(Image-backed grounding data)
((
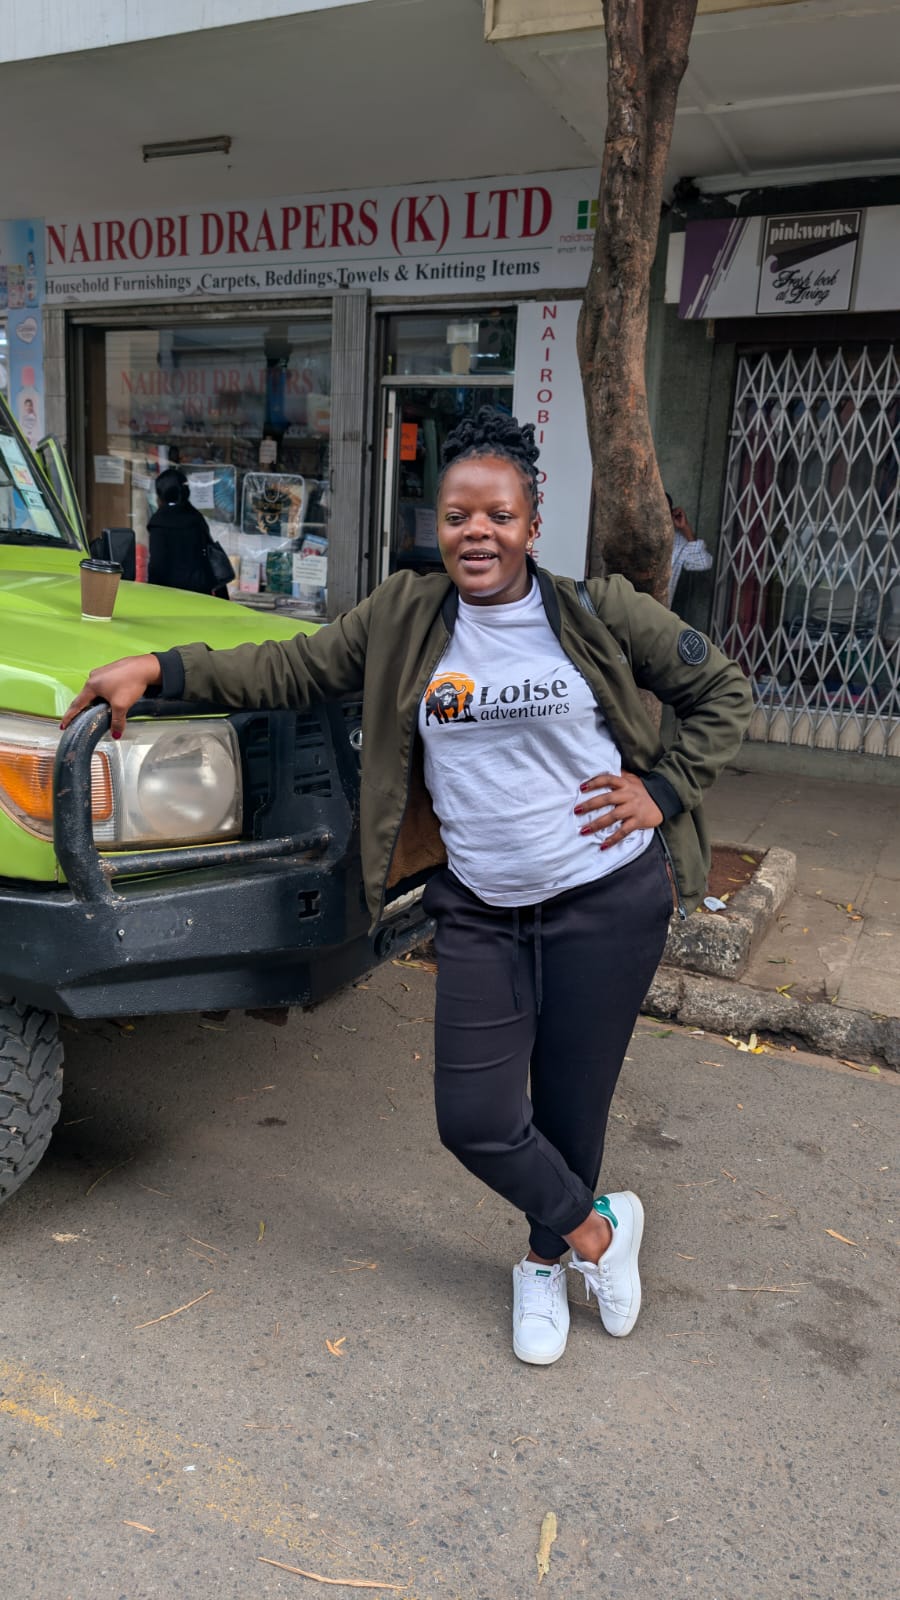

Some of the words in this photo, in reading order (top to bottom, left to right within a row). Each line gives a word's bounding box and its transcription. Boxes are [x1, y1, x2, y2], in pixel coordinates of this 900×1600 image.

[46, 214, 190, 265] NAIROBI
[200, 199, 378, 256] DRAPERS
[391, 194, 450, 255] (K)
[463, 186, 553, 240] LTD
[769, 219, 854, 245] pinkworths
[45, 277, 109, 294] Household
[397, 264, 409, 281] &
[415, 260, 486, 281] Knitting
[491, 258, 541, 276] Items
[537, 304, 557, 443] NAIROBI
[478, 679, 568, 706] Loise
[480, 701, 570, 721] adventures
))
## Work instructions
Return all of the entries exactly as written, but drop any pictures they hold.

## Result of the task
Some of the words in this photo, in reading order (top to bottom, left to right within a row). Each line gives a word's bounding box and its transcription. Boxes are [x1, y1, x2, y2], in pixel coordinates of this 900×1600 image.

[46, 214, 190, 265] NAIROBI
[200, 199, 378, 256] DRAPERS
[391, 194, 450, 255] (K)
[463, 186, 553, 240] LTD
[769, 219, 854, 245] pinkworths
[45, 277, 109, 294] Household
[397, 264, 409, 281] &
[415, 260, 486, 281] Knitting
[491, 258, 541, 276] Items
[537, 304, 557, 443] NAIROBI
[478, 679, 568, 706] Loise
[480, 701, 570, 721] adventures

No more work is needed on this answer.